Line by line, copy out the data that follows.

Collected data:
-- -- --

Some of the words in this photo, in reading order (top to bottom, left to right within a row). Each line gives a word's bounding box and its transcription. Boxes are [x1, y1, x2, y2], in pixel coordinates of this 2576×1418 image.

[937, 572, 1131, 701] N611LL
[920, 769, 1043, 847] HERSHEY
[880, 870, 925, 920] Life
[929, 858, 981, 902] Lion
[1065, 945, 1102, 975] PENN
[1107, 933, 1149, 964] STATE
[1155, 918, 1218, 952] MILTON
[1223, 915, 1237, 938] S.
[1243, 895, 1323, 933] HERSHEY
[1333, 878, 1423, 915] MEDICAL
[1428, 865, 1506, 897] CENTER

-- -- --

* [Response below]:
Some of the words in this photo, in reading order (top to bottom, left to right within a row). Each line gives a word's bounding box and its transcription. Boxes are [x1, y1, x2, y2], in pixel coordinates of this 2576×1418 image.

[937, 572, 1131, 701] N611LL
[920, 769, 1043, 847] HERSHEY
[880, 870, 925, 920] Life
[929, 858, 981, 902] Lion
[1065, 945, 1102, 975] PENN
[1107, 933, 1149, 964] STATE
[1155, 918, 1218, 952] MILTON
[1223, 915, 1237, 938] S.
[1243, 895, 1323, 933] HERSHEY
[1333, 878, 1423, 915] MEDICAL
[1428, 865, 1506, 897] CENTER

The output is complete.